Mikros Animation
- Type: Subsidiary
- Industry: Visual effects Animation
- Predecessor: Technicolor Animation Productions Technicolor Animation
- Founded: 19 November 1985; 40 years ago
- Founder: Maurice Prost
- Headquarters: 8-10 rue du Renard 75004 Paris, France
- Number of locations: 3
- Area served: Worldwide
- Key people: Andrea Miloro (president) Greg Mandel (chief operating officer)
- Number of employees: 170
- Parent: Mediacontech (2007–2015) Technicolor Group (2015–2025) Rodeo FX (2025–present)
- Website: www.mikrosanimation.com

= Mikros Animation =

French visual effects and animation company

Mikros Animation is a French production company specializing in the creation of digital visual effects, post-production, and animation.

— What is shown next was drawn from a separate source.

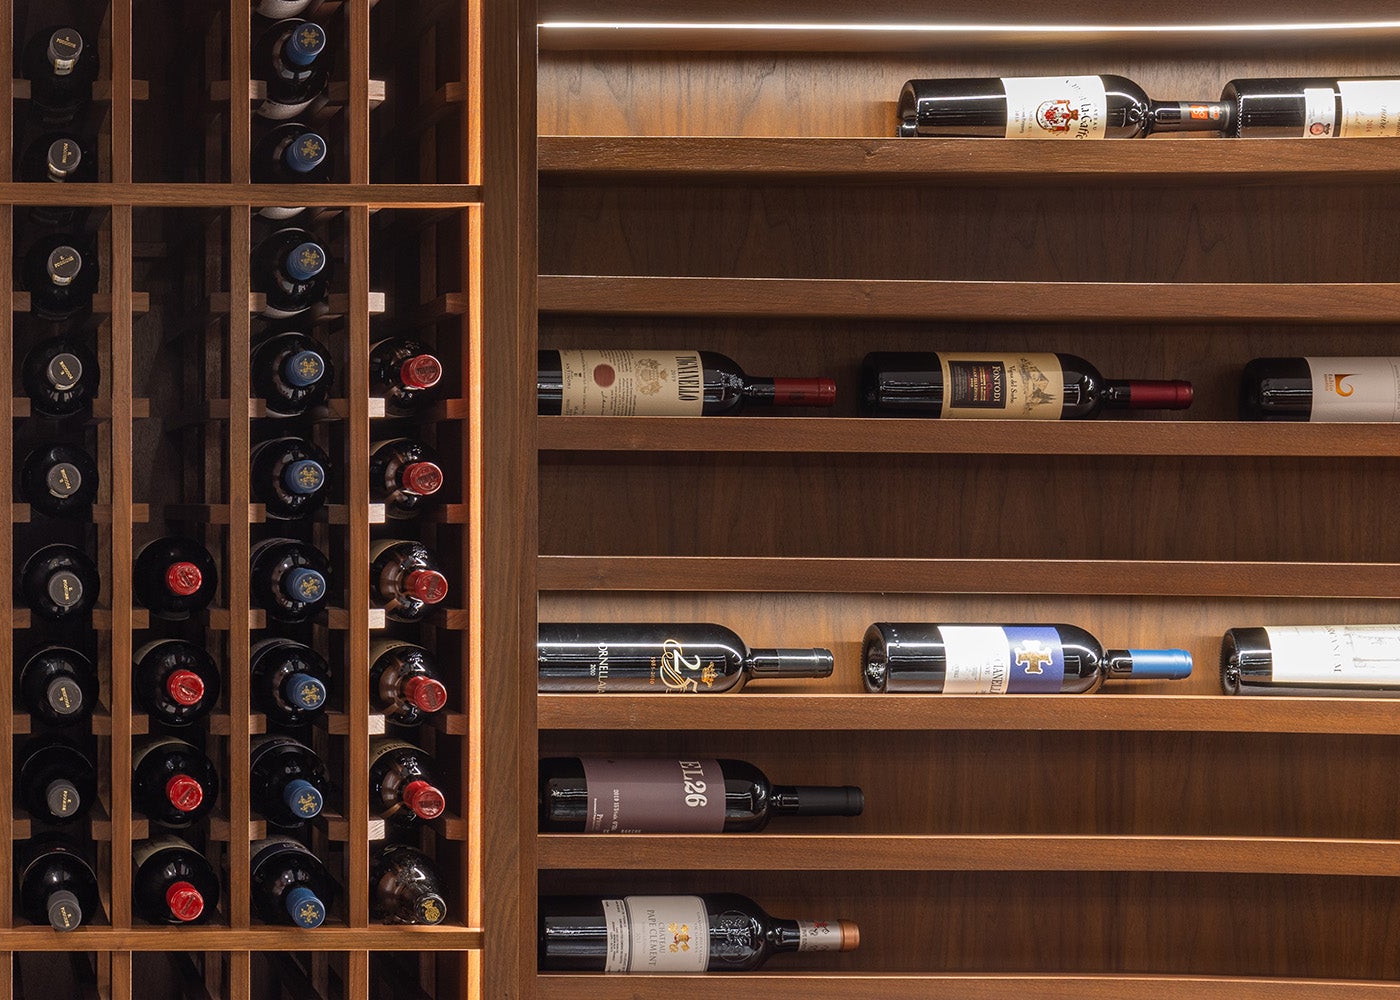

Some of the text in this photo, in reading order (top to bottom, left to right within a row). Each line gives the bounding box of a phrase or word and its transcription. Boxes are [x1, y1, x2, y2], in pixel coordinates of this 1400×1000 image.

[992, 366, 1002, 402] FONTODI
[680, 761, 707, 807] EL26
[647, 909, 659, 966] PAPE CLEMENT
[658, 922, 666, 955] CHATEAU

With studios in Paris, London and Montreal, the company was acquired by Technicolor SA in 2015 from its previous owner Mediacontech.

When Technicolor Animation Productions and Technicolor Animation were folded into the company, the company started producing and providing animation services for television shows.

In February 2025, news reports have stated that Mikros Animation's parent company had appointed administrators. On March 27, 2025, it was announced that Rodeo FX would acquire Mikros Animation.

The assets acquired by Rodeo FX included its brand and operations in Paris and Montreal but not its TV division and French IPs, and its studios in London, Brussels and Liege. OuiDo! Productions (which was also once previously under Technicolor) acquired the TV IPs and Mikros Animation's TV and IP businesses in France.

==Portfolio==
===Mikros Image Montreal and Mikros Animation===
- Go West! A Lucky Luke Adventure (2007) (post-production)
- Logorama (2009)
- Oggy and the Cockroaches: The Movie (2013) (post-production)
- Mune: Guardian of the Moon (2014)
- The Little Prince (2015)
- Sahara (2017)
- Captain Underpants: The First Epic Movie (2017)
- Stronger (2017; VFX)
- The Big Bad Fox and Other Tales... (2017; VFX)
- Sgt. Stubby: An American Hero (2018)
- The SpongeBob Movie: Sponge on the Run (2020)
- Paw Patrol: The Movie (2021)
- Teenage Mutant Ninja Turtles: Mutant Mayhem (2023)
- Paw Patrol: The Mighty Movie (2023)
- Thelma the Unicorn (2024)
- Plankton: The Movie (2025)
- Mickey Mouse Clubhouse+ (2025)
- Magicampers (2026)
- Paw Patrol: The Dino Movie (2026)
- Untitled Teenage Mutant Ninja Turtles: Mutant Mayhem sequel (2027)
- Charlie and the Chocolate Factory (TBA)
- Oompa-Loompa TV series (TBA)

===Mikros Image Europe===
- The Ninth Gate (1999; VFX)
- The Crimson Rivers (2000; VFX)
- Oceans (2009; VFX)
- Immortals (2011; VFX)
- Wolfy, the Incredible Secret (2013, post-production)
- Asterix: The Mansions of the Gods (2014)
- Valerian and the City of a Thousand Planets (2017; VFX)
- Sherlock Gnomes (2018)
- Asterix: The Secret of the Magic Potion (2018)
- Ozi: Voice of the Forest (2023)
- Teenage Mutant Ninja Turtles: Mutant Mayhem (2023)
- The Tiger's Apprentice (2024)
- Orion and the Dark (2024)
- Bollywoof (2027)
- Untitled Teenage Mutant Ninja Turtles: Mutant Mayhem sequel (2027)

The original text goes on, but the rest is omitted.